Sibelius loved his homeland dearly. He once stated, “I have to live in Finland. I could never fully leave this country; it would end me and mean the death of my art.” He may not have wanted to leave Finland permanently, but he did travel quite extensively following the premiere of his first symphony. Like Beethoven and Strauss before him, Sibelius did not start writing symphonies until he was in his thirties. His first symphony, written in 1898 and revised in 1899, caught the attention of the European music press, which led to invitations for Sibelius to conduct his own music at concerts across Europe. His travels were fruitful, from successful performances to finding a publisher in Germany, even meeting Dvořák in Prague. The Finnish government paid attention to his travels, and his reception, awarding him a state pension for life, allowing him to resign from teaching at Helsinki University to focus on composing and on promoting his works.

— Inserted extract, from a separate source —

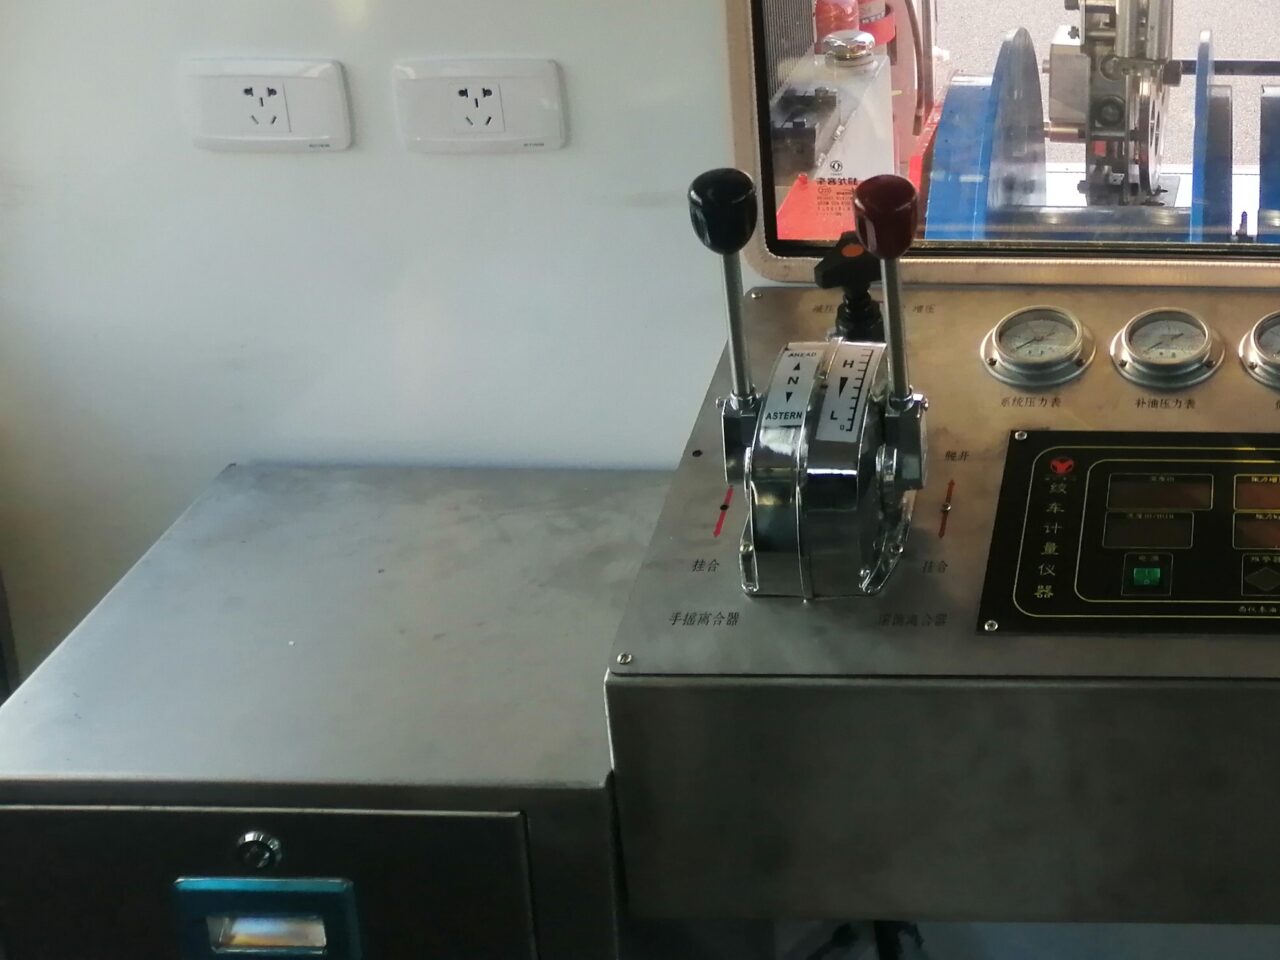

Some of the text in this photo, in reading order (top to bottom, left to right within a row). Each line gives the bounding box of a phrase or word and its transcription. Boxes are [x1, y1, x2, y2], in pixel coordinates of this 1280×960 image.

[842, 360, 855, 368] H
[787, 376, 800, 384] N
[765, 411, 802, 420] ASTERN

Some historians believe Sibelius may have had ideas about making his Symphony No. 2 a programmatic work, with an extra-musical story to shape the piece. But Sibelius denied that any such program had ever existed.

Sibelius began working on his second symphony in 1901 while in Italy. It took him almost a year to finish it, creating his longest symphony (about 45 minutes long). Sibelius may not have created a programmatic element for the evocative piece, but critics and the Finnish government effectively did that for him. Immediately after the piece’s 1902 premiere, Finland dubbed it an emblem of national liberation.